The online discussion was framed around several related questions, including one about how much waste most enterprise IT departments experience in software development, internal projects, and operations. (At least one poster estimated that 50 percent to 95 percent of IT's time and effort was wasted in large enterprises -- a range others on the thread disagreed with.)

In general, respondents to the first question blamed IT failure on one or more of the following issues:

Lack of goals, or the wrong goals. "I believe that the major cause of waste in an IT department is a lack of clearly stated objectives and goals," wrote an "IT Guy." When an IT department doesn't quite know what it wants, noted this poster, it hires "manageable" people who fit in with a set of prescribed processes without question, instead of "productive" people who can improve the project. The result is failure of the project and all the resources that went into it.

Too many meetings, paperwork, and bureaucracy. Respondents on the Quora thread condemned following procedure for its own sake. "Unnecessary meetings, meetings with unnecessary or >6 attendees, meetings without an agenda and a facilitator who sticks to the agenda" were cited by "tech veteran" on Quora as contributors to project failure.
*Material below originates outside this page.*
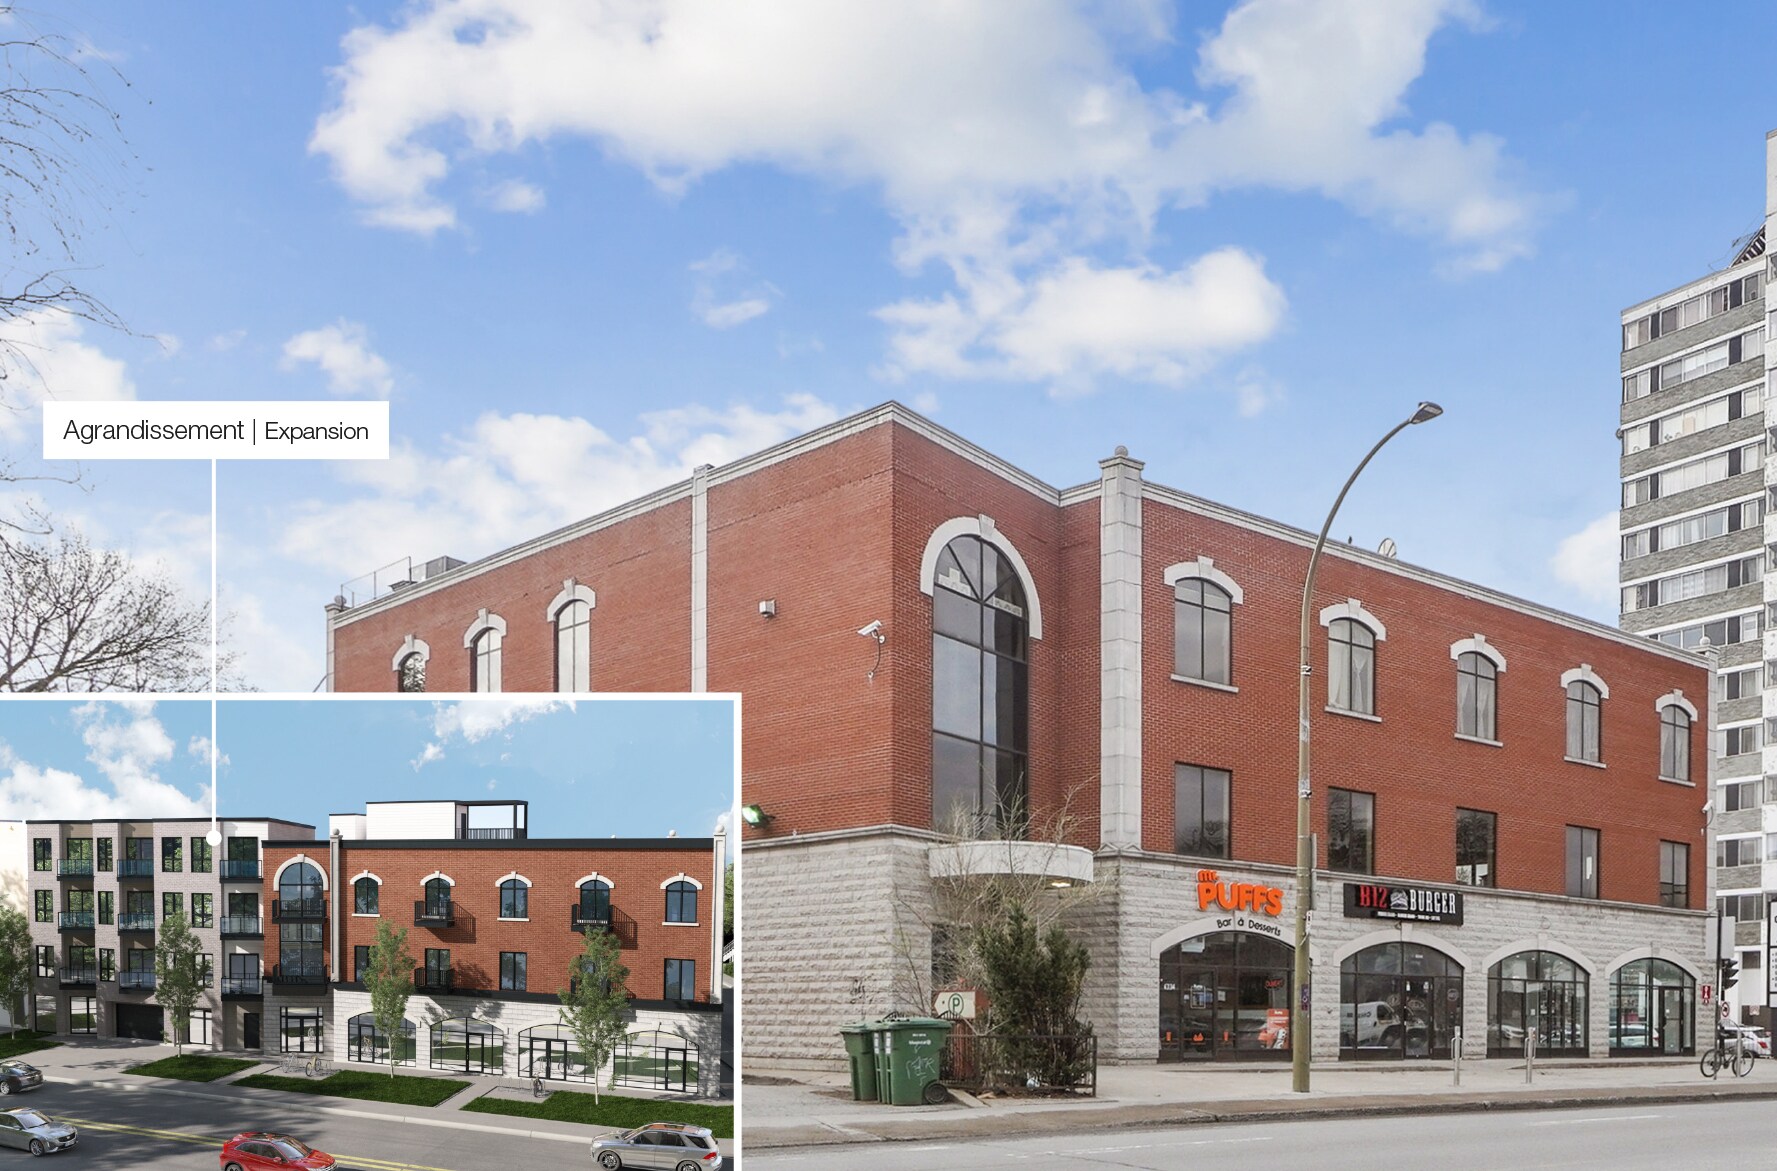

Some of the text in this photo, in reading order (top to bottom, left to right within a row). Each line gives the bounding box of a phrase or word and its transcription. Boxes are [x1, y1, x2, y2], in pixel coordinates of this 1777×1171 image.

[1197, 881, 1284, 917] PUFFS
[1410, 889, 1456, 914] BURGER
[1217, 918, 1232, 928] Bar
[1248, 919, 1281, 936] Desserts
"Principal Engineering Director" on Quora wrote:

    An inordinate percentage of total project funding goes toward process, tracking, trading off this work item for that, and the worst -- lots of people debating at length whether to fix this bug or that -- rather than just getting the work done.

Poor project management. According to IT blogger Lance R. Vick (not on the Quora thread), software projects go wrong "[b]ecause they are not planned, managed, and delegated well."
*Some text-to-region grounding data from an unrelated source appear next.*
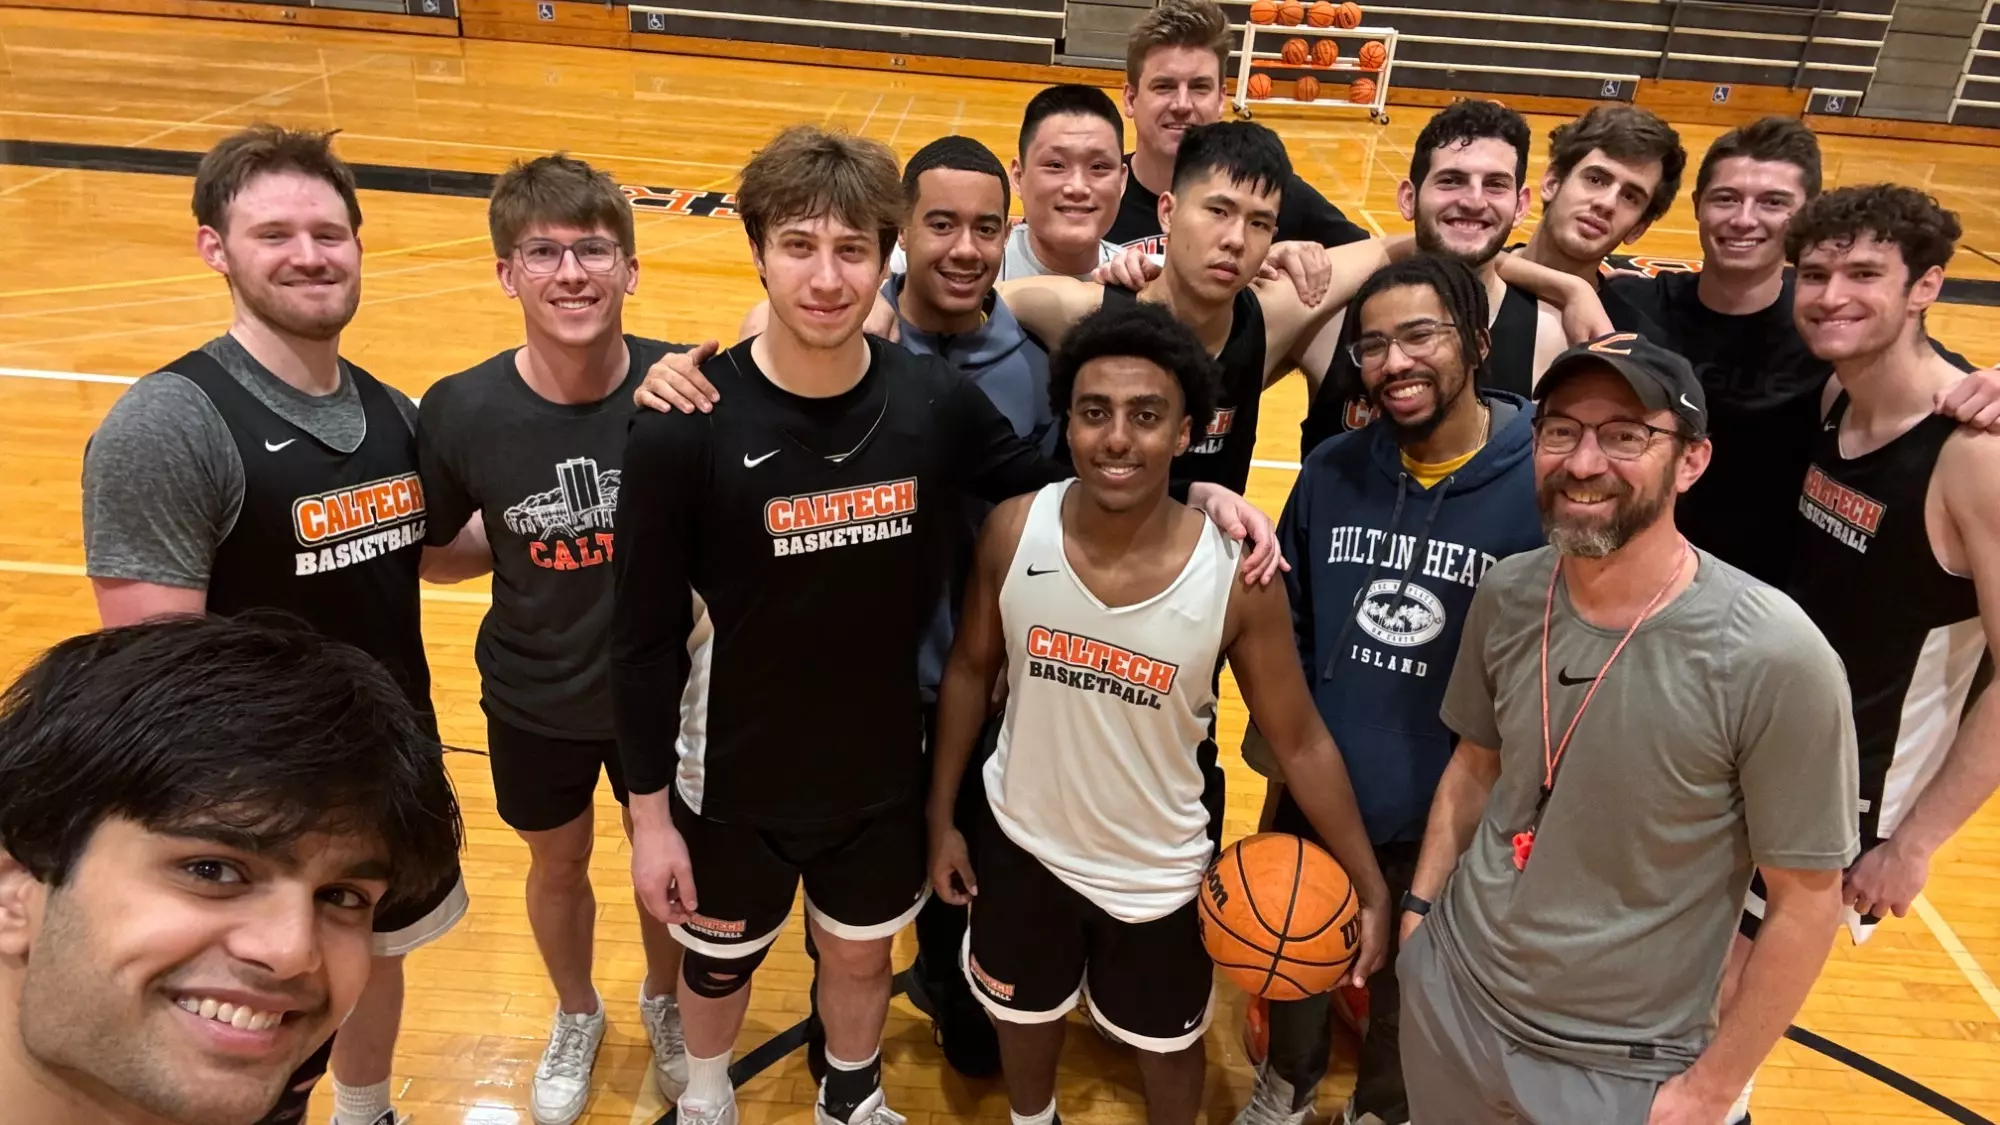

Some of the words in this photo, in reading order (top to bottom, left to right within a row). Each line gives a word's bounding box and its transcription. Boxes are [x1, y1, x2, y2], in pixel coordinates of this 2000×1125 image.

[295, 474, 425, 542] CALTECH
[766, 478, 917, 534] CALTECH
[295, 519, 426, 576] BASKETBALL
[773, 517, 913, 557] BASKETBALL
[1028, 625, 1178, 695] CALTECH
[1029, 661, 1161, 710] BASKETBALL
[1351, 645, 1427, 677] ISLAND
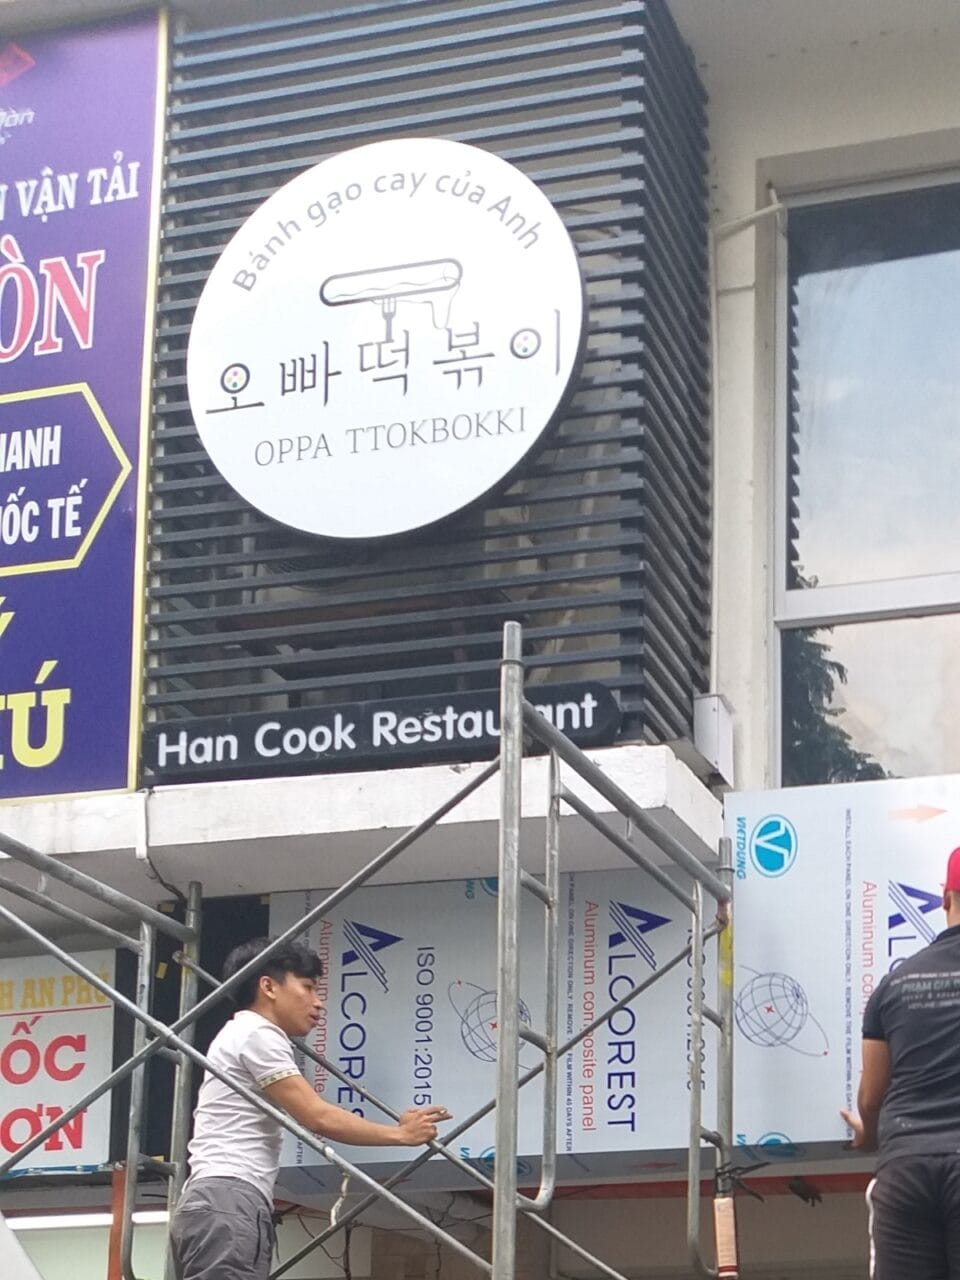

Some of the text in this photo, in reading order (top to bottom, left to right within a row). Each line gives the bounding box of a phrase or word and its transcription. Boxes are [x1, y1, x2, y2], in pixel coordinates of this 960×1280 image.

The Quora threaders stressed the need to recognize and hire proven project managers. "Poor [project managers] are probably the biggest roadblock to efficient architectural/engineering success," wrote an "Infrastructure Architect." Skimping on salary and hiring cheap labor as opposed to qualified help can doom a development plan. "Two gurus can produce more and better outcomes than a room full of newbies," wrote "tech veteran."
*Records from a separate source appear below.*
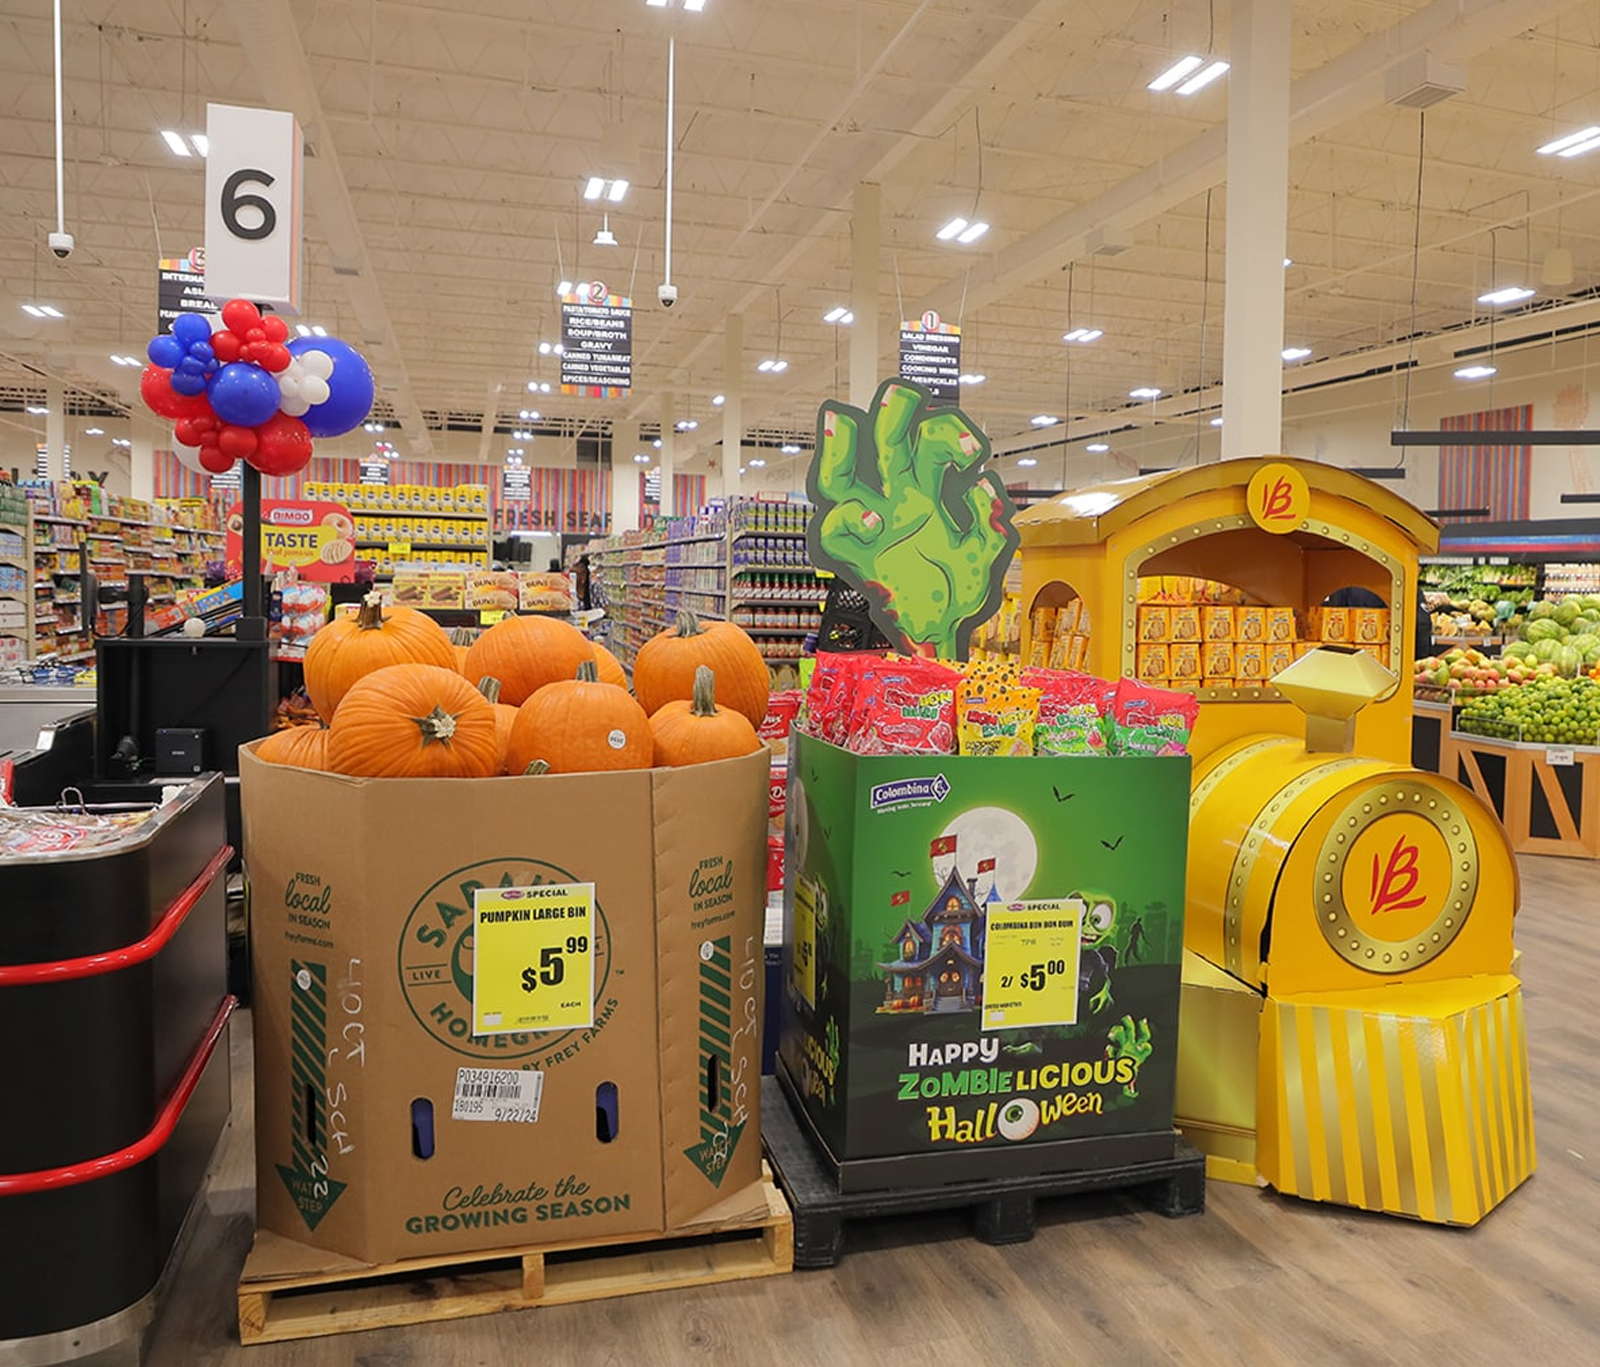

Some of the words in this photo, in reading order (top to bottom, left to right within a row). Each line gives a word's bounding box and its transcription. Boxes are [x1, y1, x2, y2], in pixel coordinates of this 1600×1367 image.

[221, 168, 276, 240] 6
[593, 283, 603, 300] 2
[569, 317, 625, 328] RICE/BEANS
[928, 312, 934, 328] 1
[567, 328, 627, 339] SOUP/BROTH
[580, 340, 613, 350] GRAVY
[493, 508, 555, 527] FRESH
[265, 532, 318, 549] TASTE
[919, 690, 953, 707] BON
[876, 782, 930, 801] Colombina
[699, 856, 724, 870] FRESH
[296, 872, 321, 886] FRESH
[689, 860, 733, 899] local
[285, 878, 331, 915] local
[527, 889, 568, 898] SPECIAL
[693, 902, 704, 912] IN
[704, 892, 733, 909] SEASON
[480, 910, 530, 923] PUMPKIN
[533, 907, 565, 920] LARGE
[568, 906, 586, 918] BIN
[1028, 903, 1061, 911] SPECIAL
[288, 912, 298, 923] IN
[299, 914, 331, 929] SEASON
[413, 970, 442, 981] LIVE
[1001, 975, 1014, 988] 2/
[522, 1060, 541, 1071] BY
[546, 1042, 582, 1068] FREY
[583, 997, 619, 1044] FARMS
[909, 1037, 999, 1067] HAPPY
[459, 1069, 519, 1084] P034916200
[495, 1108, 537, 1122] 9/22/24
[443, 1181, 549, 1211] Celebrate
[554, 1174, 591, 1198] the
[405, 1207, 528, 1235] GROWING
[535, 1193, 631, 1221] SEASON
One Quora participant mentioned several approaches to project management that invariably fail, including rewarding people not for the results they produce but for conforming to a set of prescribed rules, not allowing developers to "own" a project but demanding they follow written specs that may need to be changed, and divorcing the decision making about a project from the people actually working on it.

Poor vendor management. When a company hires outside help, equipment, software, or services, it's long been drilled into IT that service-level agreements and monitoring performance are musts. Still, enterprises continue to fall down on the job. As cloud services proliferate, it's more important than ever that enterprises watch out for potential problems. Failure to be conscientious about monitoring vendor performance can lead to re-doing vendor work and taking unnecessary losses.

Outsourcing and offshoring can also put too much distance between IT and implementers. "Yes, you get more people for your buck when offshoring, but you also get major headaches with requirements management, contracts and delivery verification," wrote "tech veteran" on Quora.

Blindness to practical considerations. Does it really matter if engineers work from home? Does your project manager have ready access to the team? Will everyone on your team be able to interact using their particular end-point devices? Is your equipment outdated, holding up developers? "The number of times I've seen a $1,500/day contractor sitting twiddling his thumbs while his ancient workstation struggled to compile a build... do the math," wrote "tech veteran."

These kinds of practical considerations can play into IT waste in several areas. Ensuring your gear is up to the task you've assigned to a development team will have an impact on the operational bottom line and help ensure that regular IT work proceeds efficiently.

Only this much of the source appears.